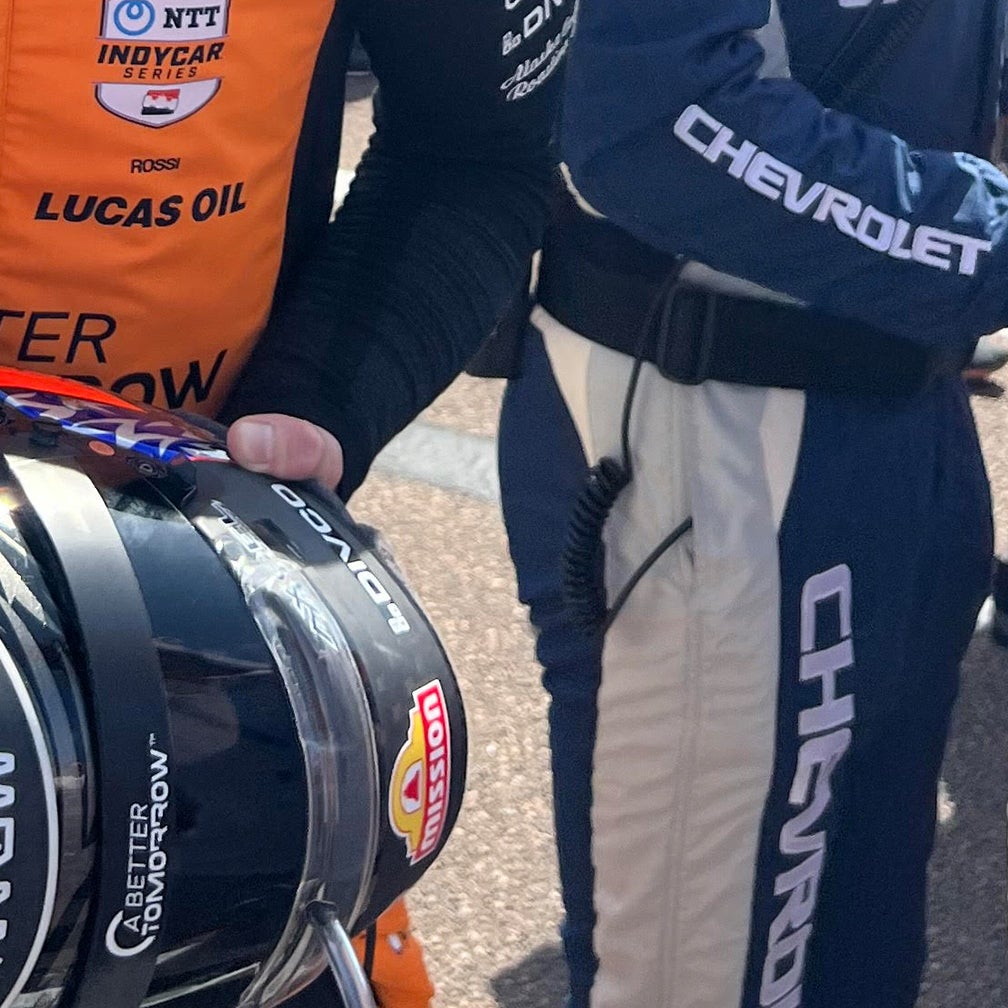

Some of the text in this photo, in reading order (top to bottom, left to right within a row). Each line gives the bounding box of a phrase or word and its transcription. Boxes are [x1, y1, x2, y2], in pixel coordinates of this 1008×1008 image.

[162, 6, 220, 29] NTT
[97, 42, 223, 65] INDYCAR
[123, 66, 198, 79] SERIES
[130, 158, 181, 173] ROSSI
[34, 183, 247, 228] LUCAS OIL
[674, 104, 992, 276] CHEVROLET
[271, 483, 393, 605] DIVCO
[759, 563, 854, 1008] CHEVRO
[123, 802, 149, 932] A BETTER
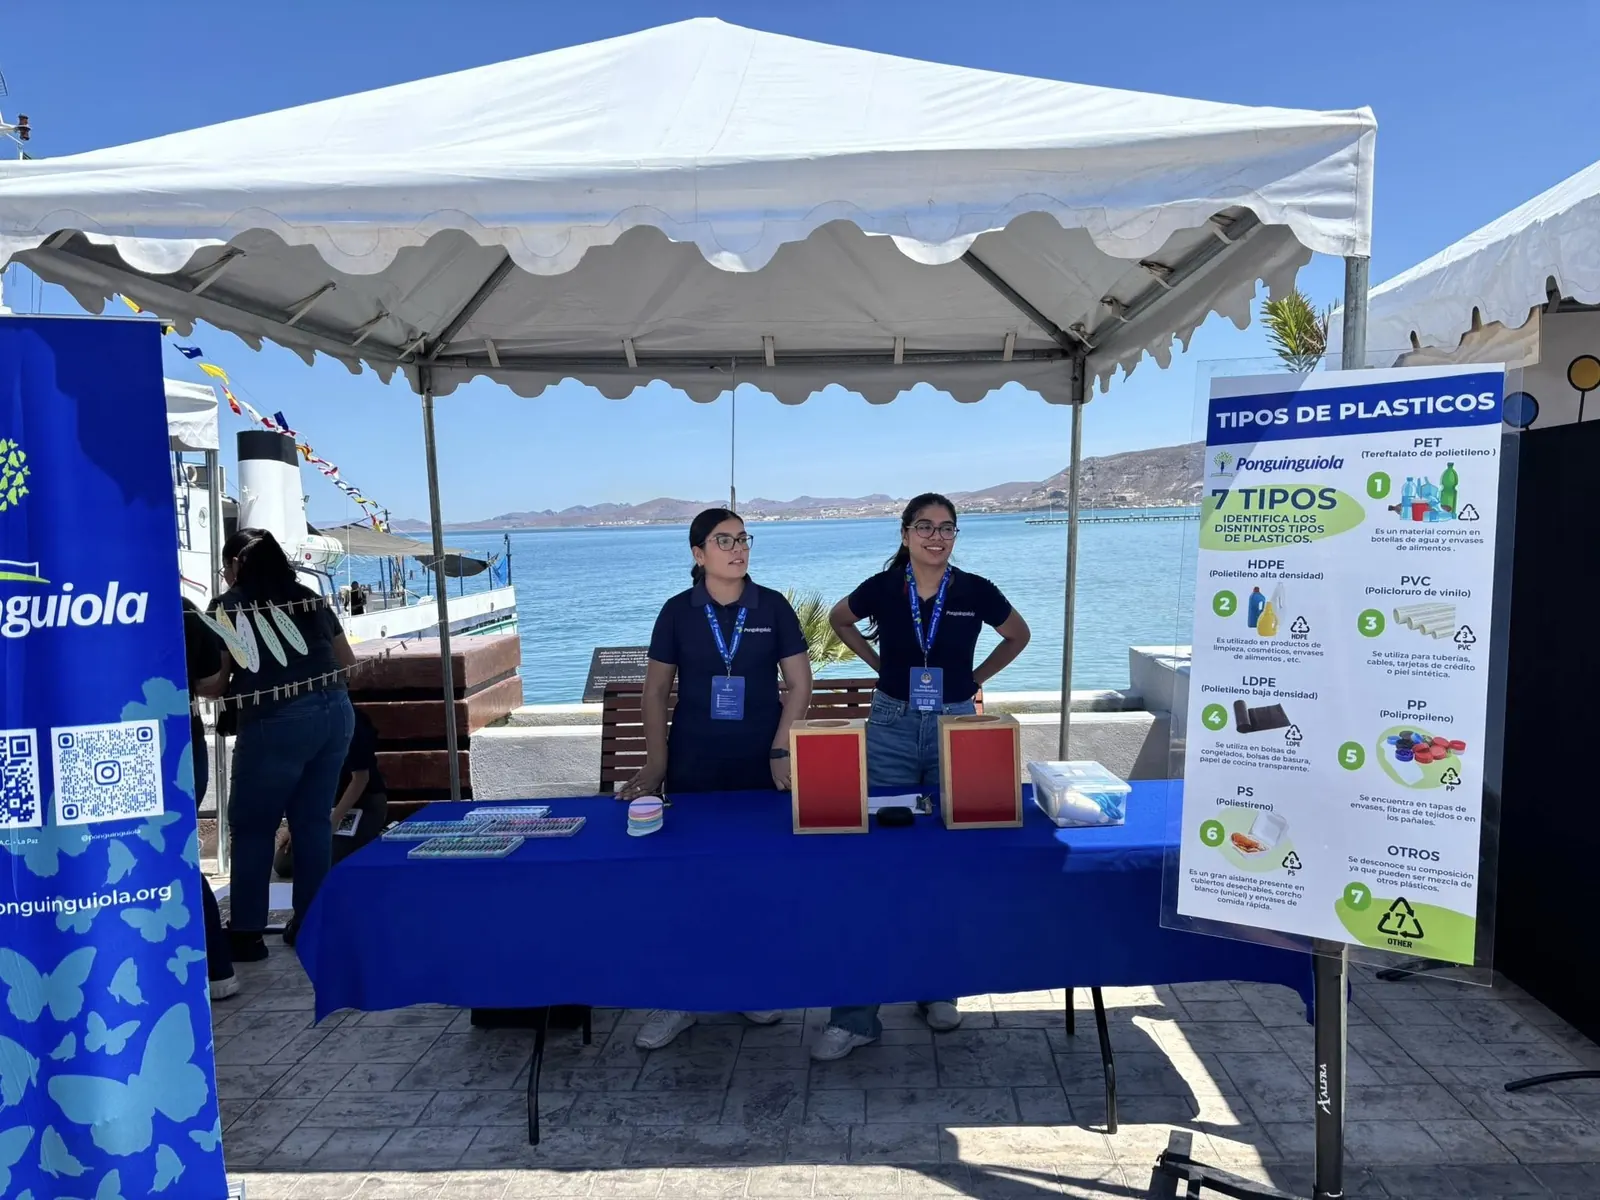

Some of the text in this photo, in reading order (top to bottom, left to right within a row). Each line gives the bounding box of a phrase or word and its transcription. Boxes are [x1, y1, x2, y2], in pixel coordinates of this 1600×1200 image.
************
• REQUIRED WORK
Print each entry exactly, leaving pictures out.

• ANSWER TO THIS EXERCISE
Some of the text in this photo, in reading order (top to bottom, left to right within a row). Each line gives the bounding box of a phrase or word and its transcription. Boxes are [x1, y1, x2, y2], in pixel coordinates of this 1008×1008 image.

[162, 6, 220, 29] NTT
[97, 42, 223, 65] INDYCAR
[123, 66, 198, 79] SERIES
[130, 158, 181, 173] ROSSI
[34, 183, 247, 228] LUCAS OIL
[674, 104, 992, 276] CHEVROLET
[271, 483, 393, 605] DIVCO
[759, 563, 854, 1008] CHEVRO
[123, 802, 149, 932] A BETTER

Some of the text in this photo, in reading order (top to bottom, left to right within a row). Each line gives the bounding box of a phrase or word and its transcription. Boxes are [x1, y1, x2, y2], in pixel coordinates of this 1600×1200 image.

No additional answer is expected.